• Description of the task
The response should be an exact copy of every record.

• Input
--- START ---

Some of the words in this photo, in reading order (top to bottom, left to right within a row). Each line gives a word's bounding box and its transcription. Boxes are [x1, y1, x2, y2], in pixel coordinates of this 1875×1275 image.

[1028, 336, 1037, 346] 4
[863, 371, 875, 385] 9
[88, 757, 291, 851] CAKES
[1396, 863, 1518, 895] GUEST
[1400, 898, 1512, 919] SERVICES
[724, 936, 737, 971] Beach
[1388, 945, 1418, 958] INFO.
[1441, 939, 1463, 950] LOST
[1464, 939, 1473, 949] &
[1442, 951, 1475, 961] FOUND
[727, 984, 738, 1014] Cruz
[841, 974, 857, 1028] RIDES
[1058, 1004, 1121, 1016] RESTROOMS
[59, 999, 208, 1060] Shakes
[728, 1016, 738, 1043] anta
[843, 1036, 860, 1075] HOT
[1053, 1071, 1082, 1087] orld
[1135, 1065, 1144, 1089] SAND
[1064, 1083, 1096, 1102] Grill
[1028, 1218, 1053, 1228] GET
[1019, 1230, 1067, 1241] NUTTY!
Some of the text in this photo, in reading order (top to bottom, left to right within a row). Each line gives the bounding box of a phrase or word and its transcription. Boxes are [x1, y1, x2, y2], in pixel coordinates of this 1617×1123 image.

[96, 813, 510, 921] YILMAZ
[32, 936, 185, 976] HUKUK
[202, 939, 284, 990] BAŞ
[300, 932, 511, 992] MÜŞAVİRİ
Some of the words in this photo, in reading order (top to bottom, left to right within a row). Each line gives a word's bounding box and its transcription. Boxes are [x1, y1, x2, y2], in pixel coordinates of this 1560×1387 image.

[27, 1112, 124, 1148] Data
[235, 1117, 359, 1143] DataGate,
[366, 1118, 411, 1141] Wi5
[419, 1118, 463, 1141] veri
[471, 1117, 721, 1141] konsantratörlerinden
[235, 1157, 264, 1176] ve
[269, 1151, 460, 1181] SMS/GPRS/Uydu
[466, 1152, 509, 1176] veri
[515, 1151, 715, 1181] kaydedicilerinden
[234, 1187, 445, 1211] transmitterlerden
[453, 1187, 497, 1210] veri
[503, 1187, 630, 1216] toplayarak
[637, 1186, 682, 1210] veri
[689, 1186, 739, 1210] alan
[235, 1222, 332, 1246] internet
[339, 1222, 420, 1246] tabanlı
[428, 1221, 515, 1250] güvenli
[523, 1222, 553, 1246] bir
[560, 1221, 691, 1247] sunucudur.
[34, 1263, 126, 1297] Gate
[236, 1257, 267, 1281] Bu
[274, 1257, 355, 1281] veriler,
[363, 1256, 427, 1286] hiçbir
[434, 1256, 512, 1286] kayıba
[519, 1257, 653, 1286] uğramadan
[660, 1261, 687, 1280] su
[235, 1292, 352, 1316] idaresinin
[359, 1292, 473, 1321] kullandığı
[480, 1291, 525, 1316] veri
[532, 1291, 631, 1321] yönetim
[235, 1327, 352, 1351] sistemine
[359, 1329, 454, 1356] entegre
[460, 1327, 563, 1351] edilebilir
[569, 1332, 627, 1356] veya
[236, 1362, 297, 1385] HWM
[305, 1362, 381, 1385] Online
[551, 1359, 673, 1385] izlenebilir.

--- END ---

• Solution
Some of the words in this photo, in reading order (top to bottom, left to right within a row). Each line gives a word's bounding box and its transcription. Boxes are [x1, y1, x2, y2], in pixel coordinates of this 1875×1275 image.

[1028, 336, 1037, 346] 4
[863, 371, 875, 385] 9
[88, 757, 291, 851] CAKES
[1396, 863, 1518, 895] GUEST
[1400, 898, 1512, 919] SERVICES
[724, 936, 737, 971] Beach
[1388, 945, 1418, 958] INFO.
[1441, 939, 1463, 950] LOST
[1464, 939, 1473, 949] &
[1442, 951, 1475, 961] FOUND
[727, 984, 738, 1014] Cruz
[841, 974, 857, 1028] RIDES
[1058, 1004, 1121, 1016] RESTROOMS
[59, 999, 208, 1060] Shakes
[728, 1016, 738, 1043] anta
[843, 1036, 860, 1075] HOT
[1053, 1071, 1082, 1087] orld
[1135, 1065, 1144, 1089] SAND
[1064, 1083, 1096, 1102] Grill
[1028, 1218, 1053, 1228] GET
[1019, 1230, 1067, 1241] NUTTY!
Some of the text in this photo, in reading order (top to bottom, left to right within a row). Each line gives the bounding box of a phrase or word and its transcription. Boxes are [x1, y1, x2, y2], in pixel coordinates of this 1617×1123 image.

[96, 813, 510, 921] YILMAZ
[32, 936, 185, 976] HUKUK
[202, 939, 284, 990] BAŞ
[300, 932, 511, 992] MÜŞAVİRİ
Some of the words in this photo, in reading order (top to bottom, left to right within a row). Each line gives a word's bounding box and its transcription. Boxes are [x1, y1, x2, y2], in pixel coordinates of this 1560×1387 image.

[27, 1112, 124, 1148] Data
[235, 1117, 359, 1143] DataGate,
[366, 1118, 411, 1141] Wi5
[419, 1118, 463, 1141] veri
[471, 1117, 721, 1141] konsantratörlerinden
[235, 1157, 264, 1176] ve
[269, 1151, 460, 1181] SMS/GPRS/Uydu
[466, 1152, 509, 1176] veri
[515, 1151, 715, 1181] kaydedicilerinden
[234, 1187, 445, 1211] transmitterlerden
[453, 1187, 497, 1210] veri
[503, 1187, 630, 1216] toplayarak
[637, 1186, 682, 1210] veri
[689, 1186, 739, 1210] alan
[235, 1222, 332, 1246] internet
[339, 1222, 420, 1246] tabanlı
[428, 1221, 515, 1250] güvenli
[523, 1222, 553, 1246] bir
[560, 1221, 691, 1247] sunucudur.
[34, 1263, 126, 1297] Gate
[236, 1257, 267, 1281] Bu
[274, 1257, 355, 1281] veriler,
[363, 1256, 427, 1286] hiçbir
[434, 1256, 512, 1286] kayıba
[519, 1257, 653, 1286] uğramadan
[660, 1261, 687, 1280] su
[235, 1292, 352, 1316] idaresinin
[359, 1292, 473, 1321] kullandığı
[480, 1291, 525, 1316] veri
[532, 1291, 631, 1321] yönetim
[235, 1327, 352, 1351] sistemine
[359, 1329, 454, 1356] entegre
[460, 1327, 563, 1351] edilebilir
[569, 1332, 627, 1356] veya
[236, 1362, 297, 1385] HWM
[305, 1362, 381, 1385] Online
[551, 1359, 673, 1385] izlenebilir.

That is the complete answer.